Masaniello è stato ripreso anche da Gilles Deleuze e Félix Guattari
nell’Anti-Edipo. Capitalismo e schizofrenia (1972) quando parlano della
“macchina desiderante”, ossia, quando il desiderio si sottrae ai dispositivi di
controllo capitalistici – Stato, famiglia e capitale – e diviene produzione
sociale di alterità, ossia, “potere costituente” – come ha scritto vent’anni
dopo Negri in un saggio essenziale che porta lo stesso titolo, Il potere
costituente. Saggio sulle alternative del moderno.
“Il vivente veggente – scrivono Deleuze e Guattari – è Spinoza vestito da
rivoluzionario”.
Bene: perché Masaniello? La biografia di Masaniello ci restituisce,
innanzitutto, una figura profondamente radicata nello spazio europeo, assai
distante dalla ricostruzione di una rivolta antispagnola dai caratteri locali.

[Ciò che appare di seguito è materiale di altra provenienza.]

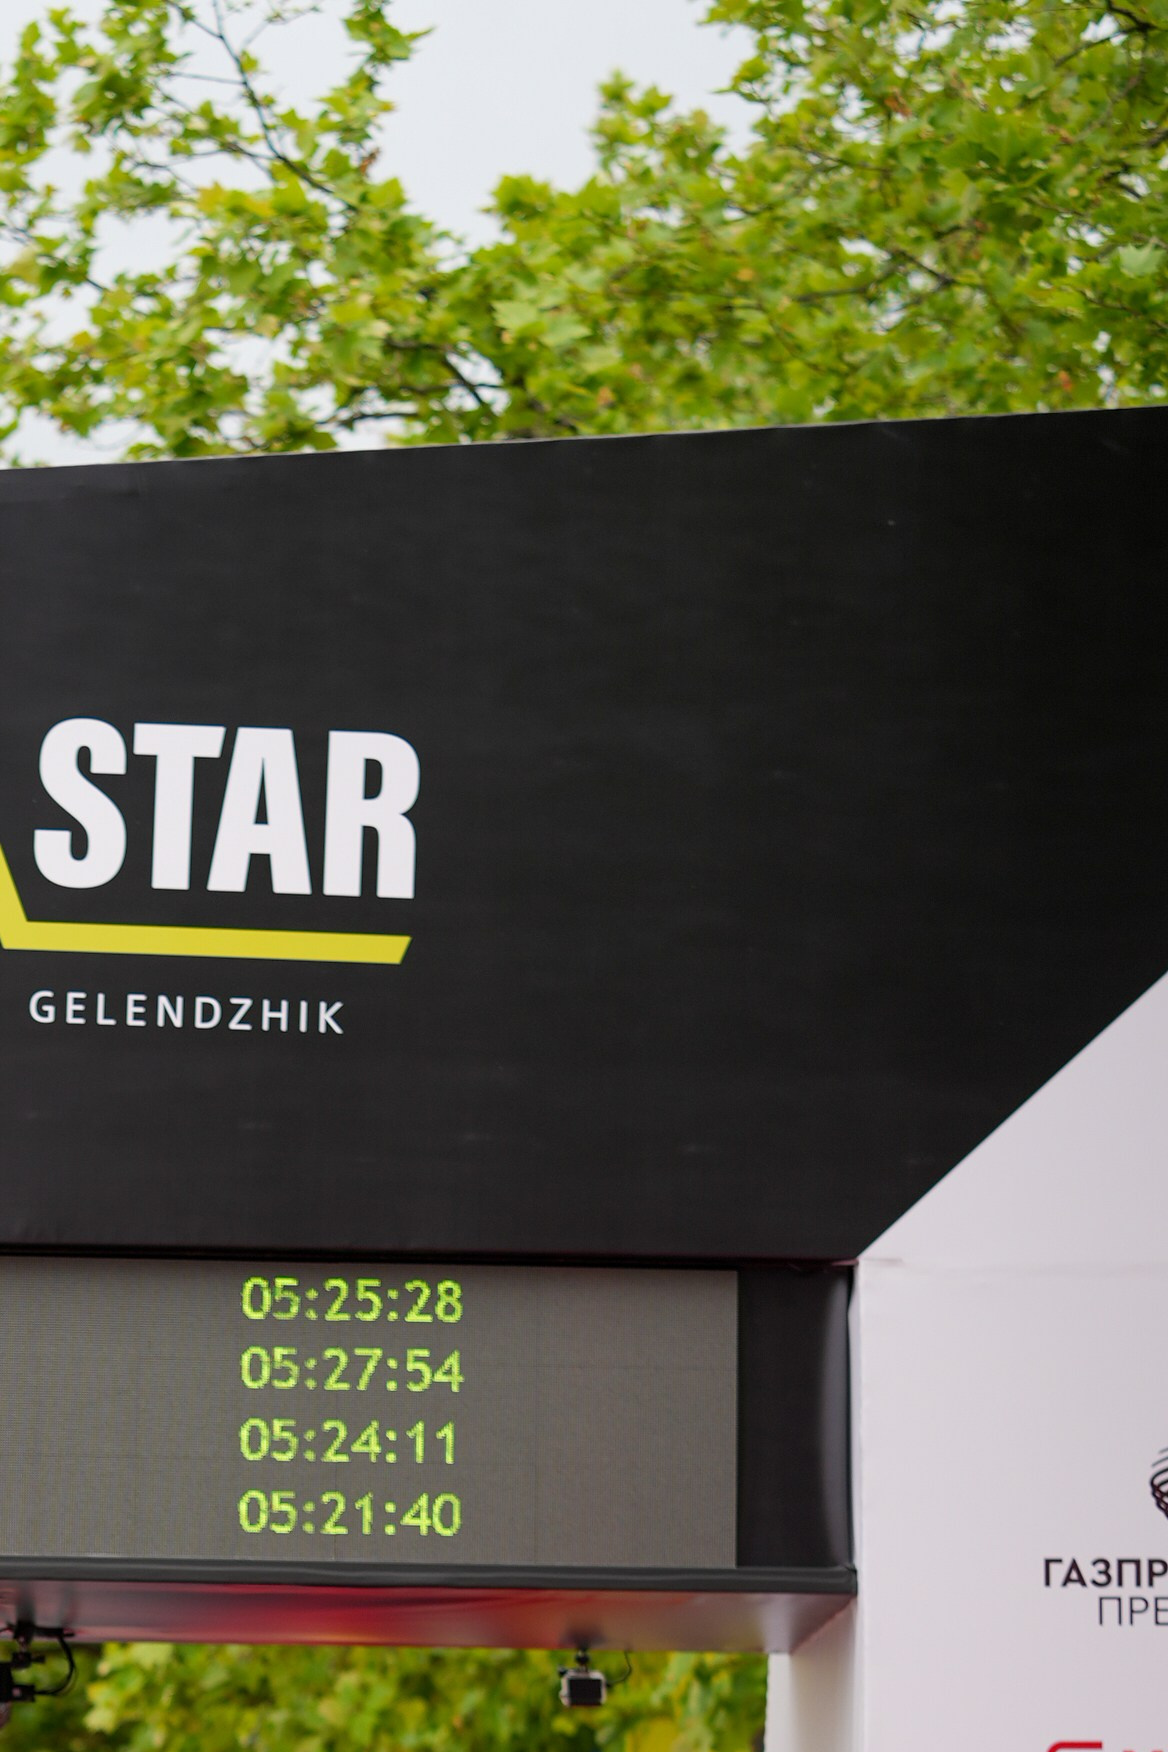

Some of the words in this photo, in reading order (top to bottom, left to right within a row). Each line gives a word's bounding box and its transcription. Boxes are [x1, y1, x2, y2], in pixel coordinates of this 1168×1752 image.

La ribellione del 17 luglio 1647, guidata dal pescivendolo alla testa di un
esercito di 150 mila lazzari, fu la prima insurrezione dell’età moderna con
un’eco europea. Carrettieri, facchini, marinai, pescatori, tessitori, poveri e
lazzaroni della seconda o terza città europea misero in scacco il Viceregno di
Spagna, in protesta contro una gabella sul pane.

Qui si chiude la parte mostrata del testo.